■ **DESCRIPTION OF THE TASK**
Exactly reproduce all the records, keeping pictures out of the copy.

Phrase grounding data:
Segment Open
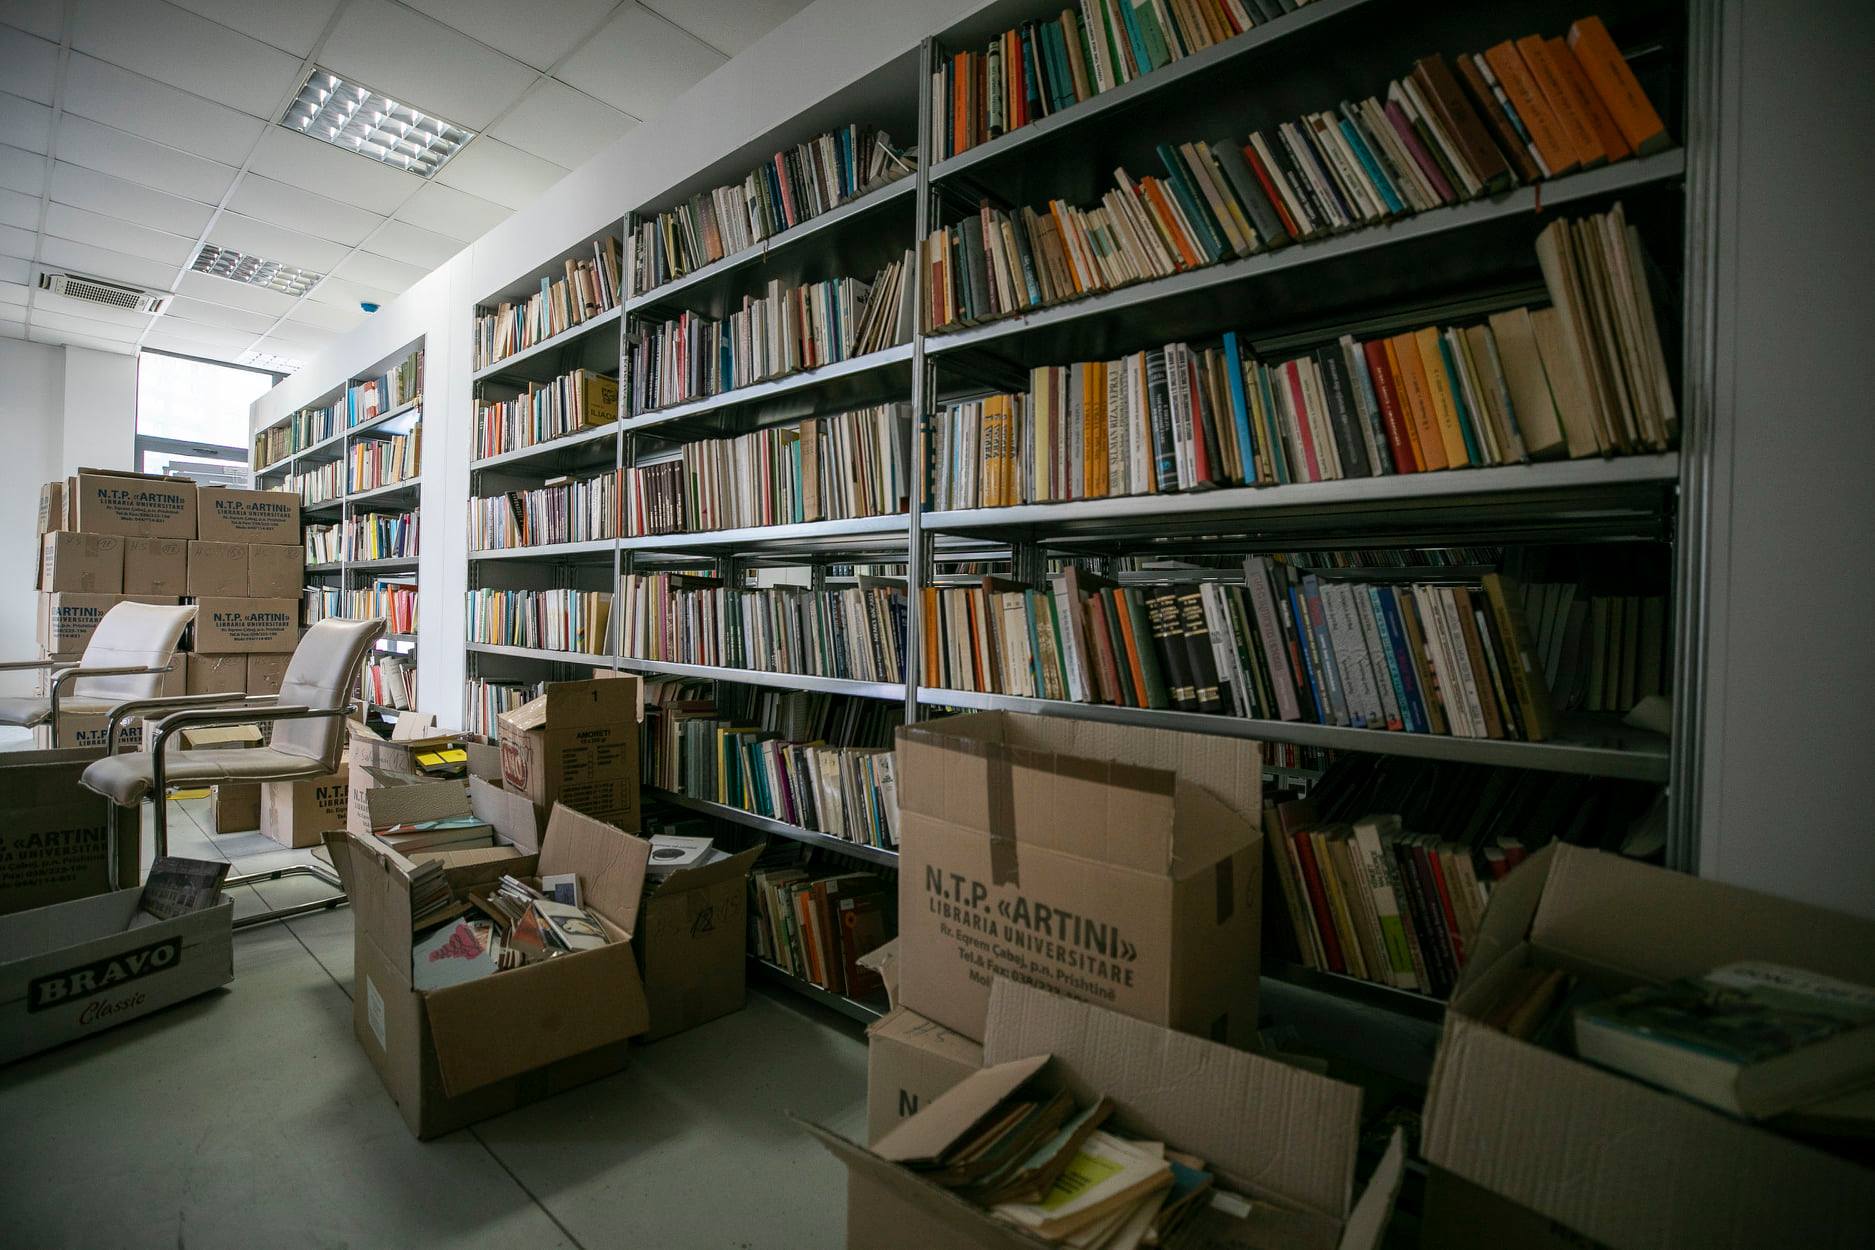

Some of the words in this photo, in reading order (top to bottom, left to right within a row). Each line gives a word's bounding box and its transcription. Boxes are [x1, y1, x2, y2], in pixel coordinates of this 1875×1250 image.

[97, 489, 130, 500] N.T.P.
[215, 500, 244, 510] N.T.P.
[213, 613, 242, 622] N.T.P.
[76, 729, 108, 740] N.T.P
[13, 826, 107, 849] «ARTINI
[925, 864, 991, 914] N.T.P.
[998, 896, 1138, 963] «ARTINI»
[930, 897, 998, 938] LIBRARIA
[1003, 925, 1134, 988] UNIVERSITARE
[956, 928, 990, 952] Eqrem
[39, 945, 175, 1005] BRAVO
[79, 991, 146, 1025] Classic
Segment Closed
■ **RESULT**
Some of the words in this photo, in reading order (top to bottom, left to right within a row). Each line gives a word's bounding box and its transcription. Boxes are [x1, y1, x2, y2], in pixel coordinates of this 1875×1250 image.

[97, 489, 130, 500] N.T.P.
[215, 500, 244, 510] N.T.P.
[213, 613, 242, 622] N.T.P.
[76, 729, 108, 740] N.T.P
[13, 826, 107, 849] «ARTINI
[925, 864, 991, 914] N.T.P.
[998, 896, 1138, 963] «ARTINI»
[930, 897, 998, 938] LIBRARIA
[1003, 925, 1134, 988] UNIVERSITARE
[956, 928, 990, 952] Eqrem
[39, 945, 175, 1005] BRAVO
[79, 991, 146, 1025] Classic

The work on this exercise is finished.